For the young folks who don't remember the enormity of the first OJ Trial.
5 Reasons Why We’ll Never See Anything Like the O.J. Simpson Verdict Again
Despite the fact that the event took place at 10:00 AM PST on a Tuesday, a record number of people tuned in to see the jury’s decision. Adults abandoned their work and students left their classrooms as
150 million viewers—57% of the country—gathered around TV screens. By comparison, only 37.8 million tuned in for Barack Obama’s historic inauguration in 2009 (also midday on a Tuesday) and 114.4 million watched the highest-rated sporting event in U.S. history: the 2015 Super Bowl. But if the verdict were to be announced today, most American workers and students wouldn’t gather together around a TV or a huge screen in
Times Square. Most would be hunched over personal devices checking Twitter or Facebook or watching some kind of streaming video for the latest update. That’s how most of America
watched the rescue of the Chilean miners in 2010
While the number of people watching back in October 1995 is staggering, it’s far from the most astonishing statistic from the day. In his 2004 book
America on Trial, O.J. Simpson legal adviser Alan Dershowitz outlined how all across the country people froze to watch the verdict.

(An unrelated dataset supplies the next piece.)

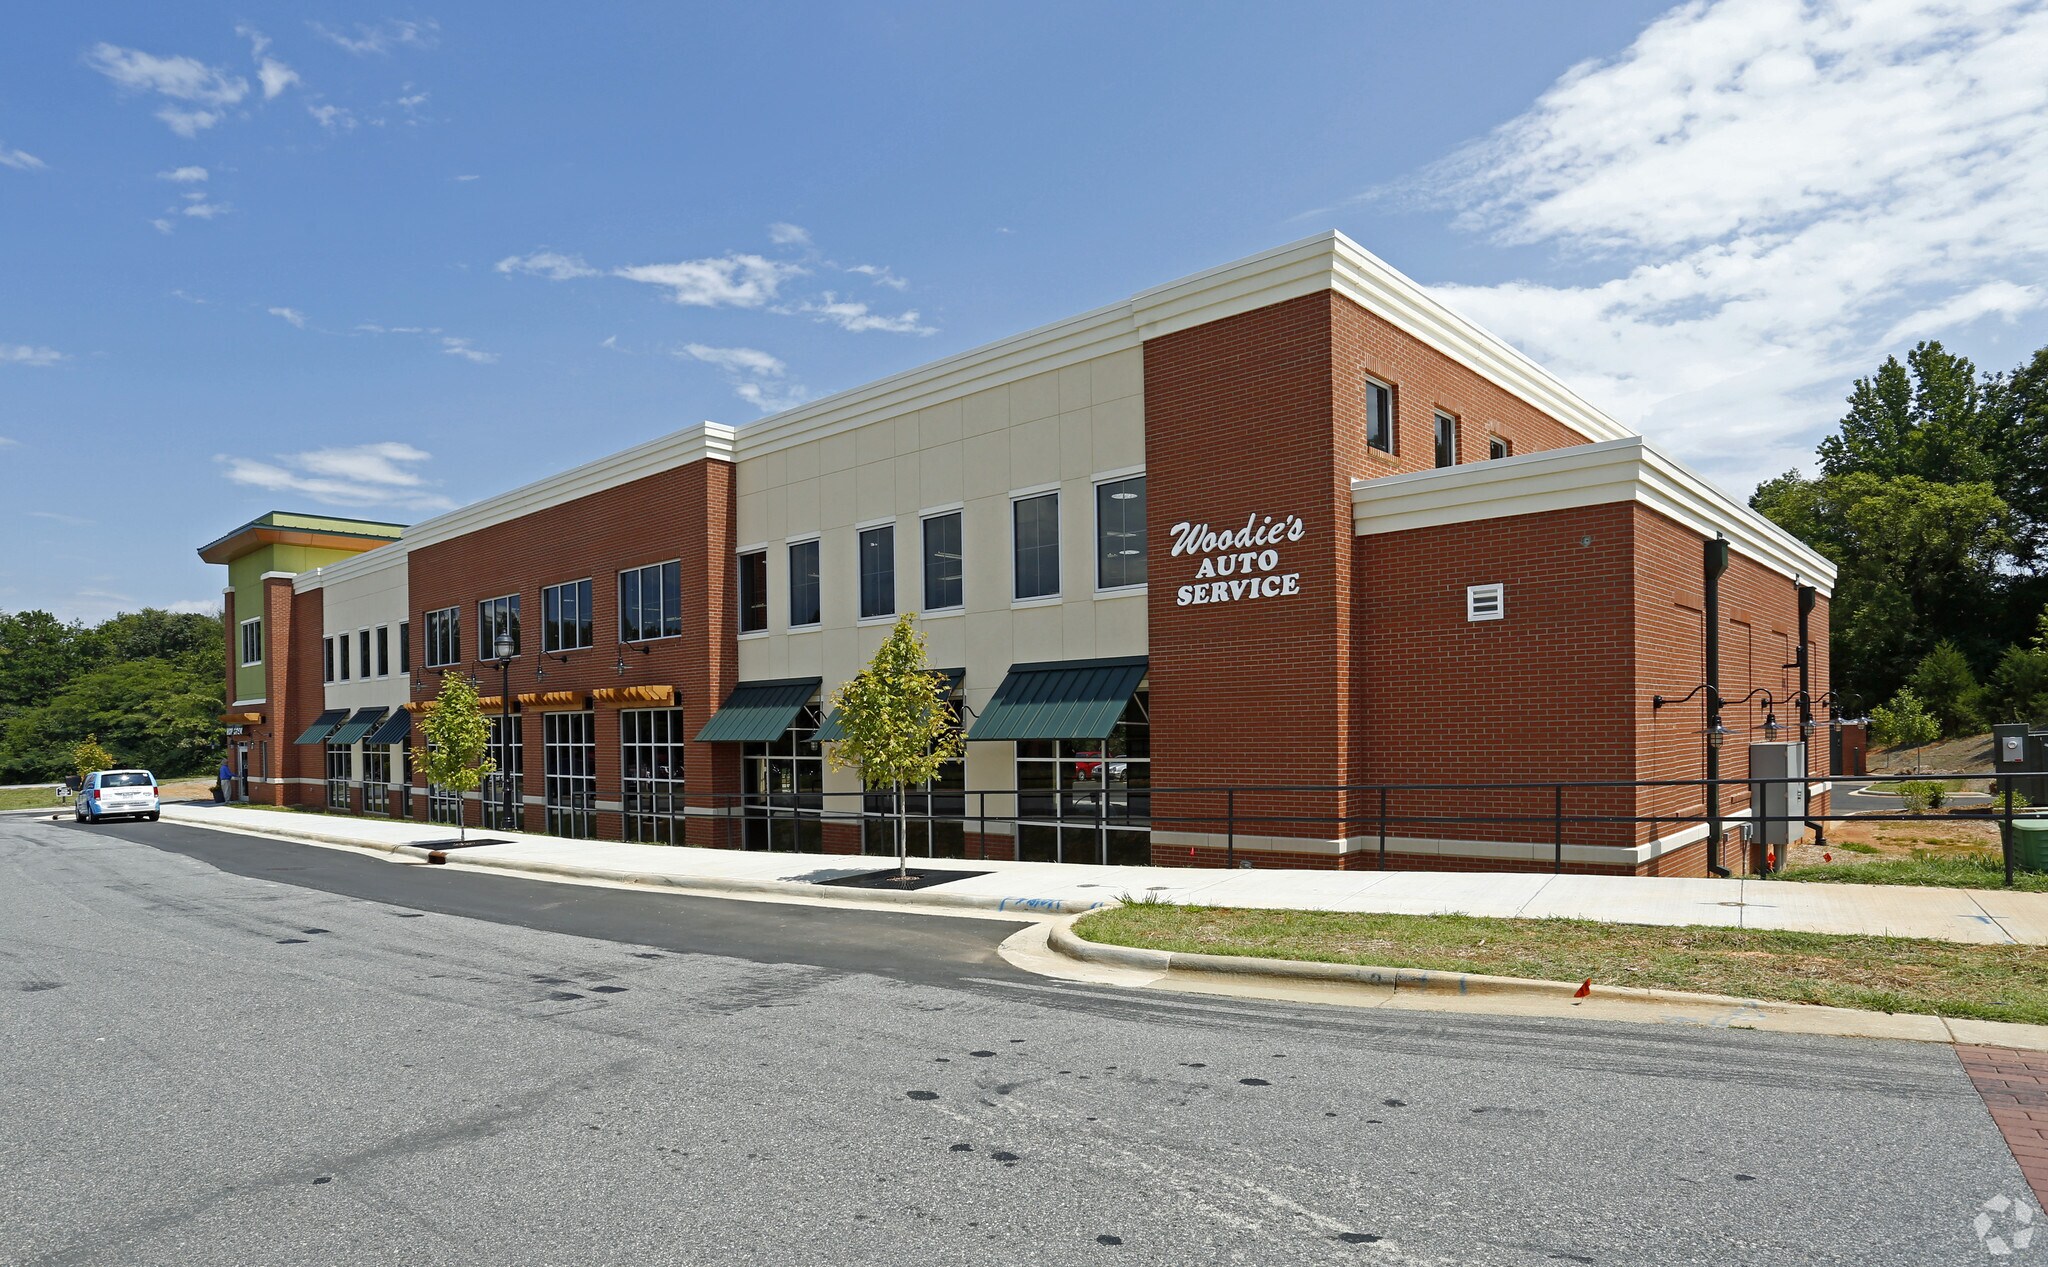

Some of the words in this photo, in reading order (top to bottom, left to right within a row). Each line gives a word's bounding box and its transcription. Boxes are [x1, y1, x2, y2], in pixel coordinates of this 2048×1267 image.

AT&T reported that phone usage dropped by 60% and electric consumption surged as Americans turned on their televisions. According to Dershowitz,
water usage decreased because people skipped the bathroom rather than miss the verdict. Supreme Court justices—in session at the time—arranged to have notes with news of the verdict passed to them. Trading volume on the New York Stock Exchange dropped 41%, a meeting between the secretary of state and the director of the CIA was postponed, and
President Bill Clinton left the Oval Office to watch the verdict with his staff.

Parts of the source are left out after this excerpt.